Collected data:
◆ ◆ ◆ ◆
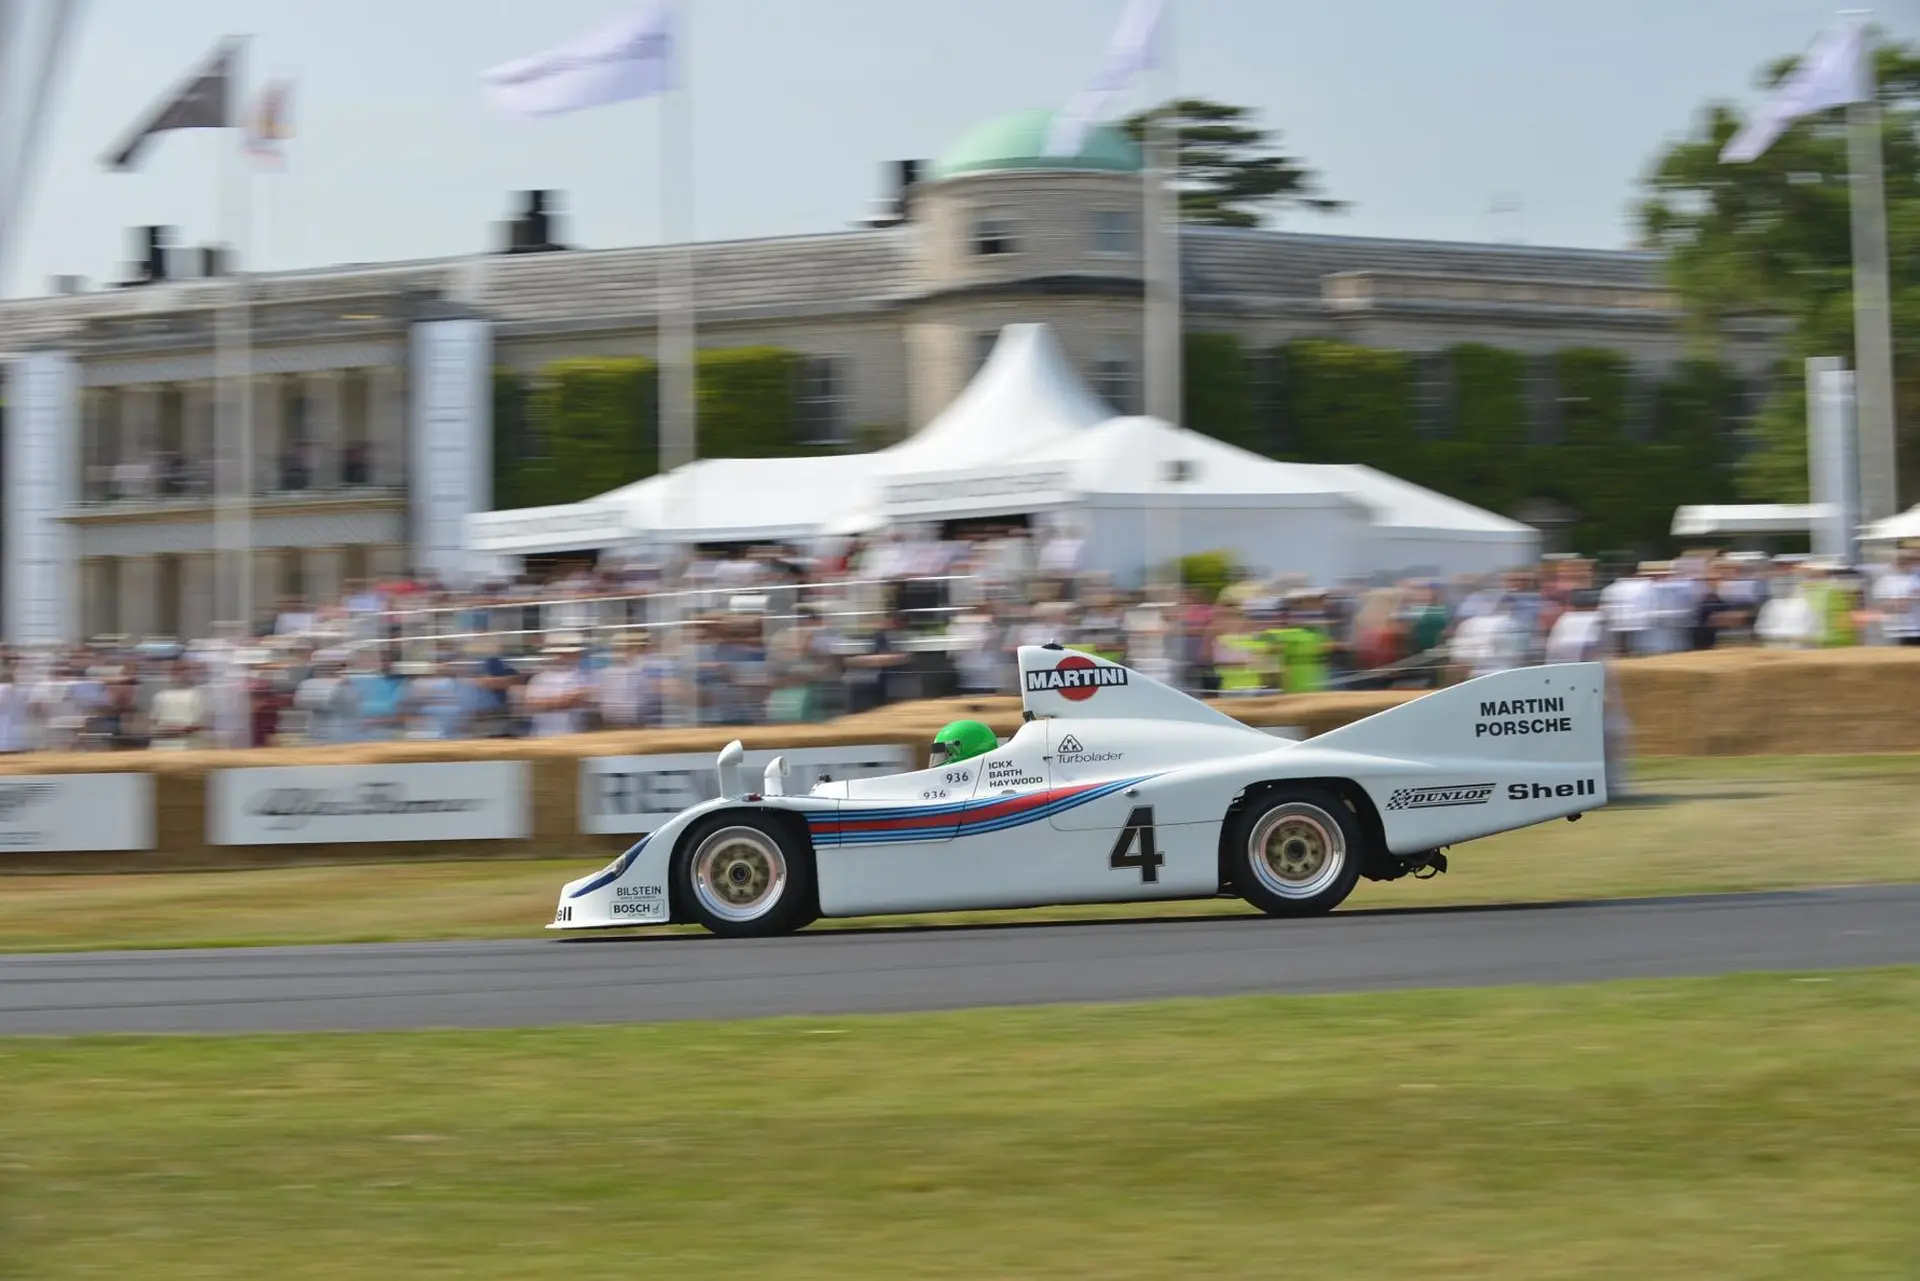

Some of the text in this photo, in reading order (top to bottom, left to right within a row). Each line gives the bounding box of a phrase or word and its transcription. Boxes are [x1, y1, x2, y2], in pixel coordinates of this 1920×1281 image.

[1028, 668, 1125, 689] MARTINI
[1480, 697, 1564, 716] MARTINI
[1475, 717, 1572, 737] PORSCHE
[1056, 751, 1125, 764] Turbolader
[988, 759, 1013, 770] ICKX
[945, 771, 970, 784] 936
[989, 768, 1023, 779] BARTH
[989, 776, 1044, 788] HAYWOOD
[923, 789, 947, 799] 936
[1411, 789, 1493, 802] DUNLOP
[1507, 779, 1596, 800] Shell
[1109, 805, 1165, 883] 4
[616, 885, 662, 896] BILSTEIN
[613, 903, 651, 914] BOSCH
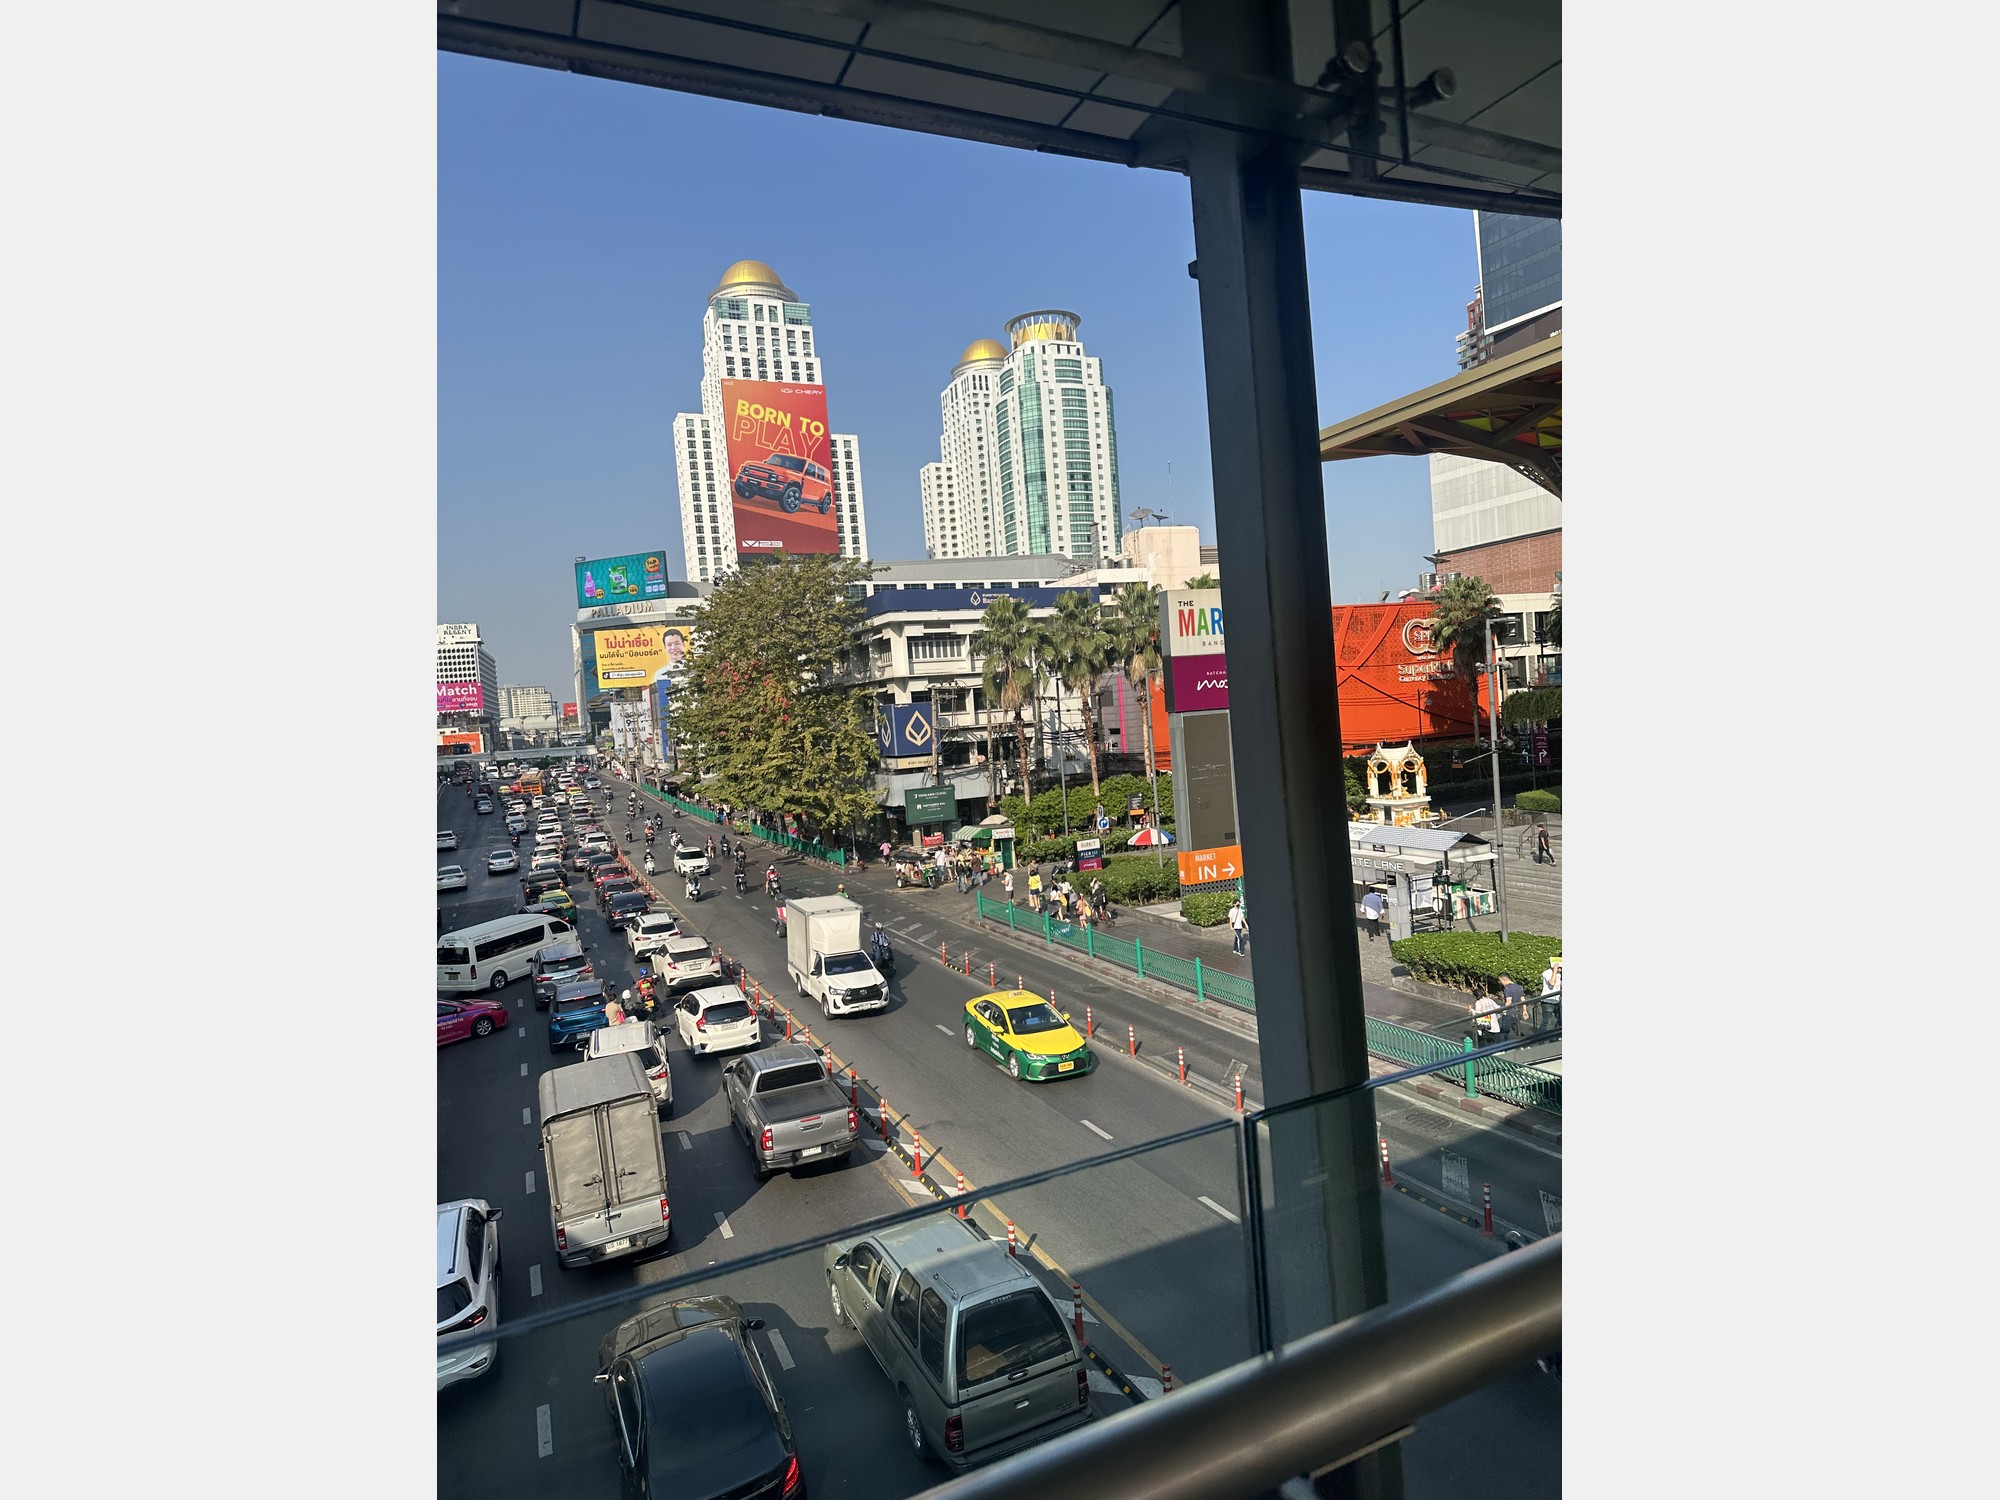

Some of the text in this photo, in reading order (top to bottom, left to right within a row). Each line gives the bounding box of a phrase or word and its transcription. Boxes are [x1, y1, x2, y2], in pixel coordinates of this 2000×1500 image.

[736, 399, 825, 437] BORN TO
[733, 413, 823, 460] PLAY
[591, 601, 654, 618] PALLADIUM
[604, 633, 654, 649] ไม่น่าเชื่อ!
[1398, 660, 1454, 675] SuperRich
[1195, 853, 1216, 861] MARKET
[1198, 864, 1217, 880] IN
[1373, 860, 1405, 872] LANE
◆ ◆ ◆ ◆
▶ **What the task asks**
Every line above gets copied exactly; none of the pictures do.

▶ **Reply to the exercise**
Some of the text in this photo, in reading order (top to bottom, left to right within a row). Each line gives the bounding box of a phrase or word and its transcription. Boxes are [x1, y1, x2, y2], in pixel coordinates of this 1920×1281 image.

[1028, 668, 1125, 689] MARTINI
[1480, 697, 1564, 716] MARTINI
[1475, 717, 1572, 737] PORSCHE
[1056, 751, 1125, 764] Turbolader
[988, 759, 1013, 770] ICKX
[945, 771, 970, 784] 936
[989, 768, 1023, 779] BARTH
[989, 776, 1044, 788] HAYWOOD
[923, 789, 947, 799] 936
[1411, 789, 1493, 802] DUNLOP
[1507, 779, 1596, 800] Shell
[1109, 805, 1165, 883] 4
[616, 885, 662, 896] BILSTEIN
[613, 903, 651, 914] BOSCH

Some of the text in this photo, in reading order (top to bottom, left to right within a row). Each line gives the bounding box of a phrase or word and its transcription. Boxes are [x1, y1, x2, y2], in pixel coordinates of this 2000×1500 image.

[736, 399, 825, 437] BORN TO
[733, 413, 823, 460] PLAY
[591, 601, 654, 618] PALLADIUM
[604, 633, 654, 649] ไม่น่าเชื่อ!
[1398, 660, 1454, 675] SuperRich
[1195, 853, 1216, 861] MARKET
[1198, 864, 1217, 880] IN
[1373, 860, 1405, 872] LANE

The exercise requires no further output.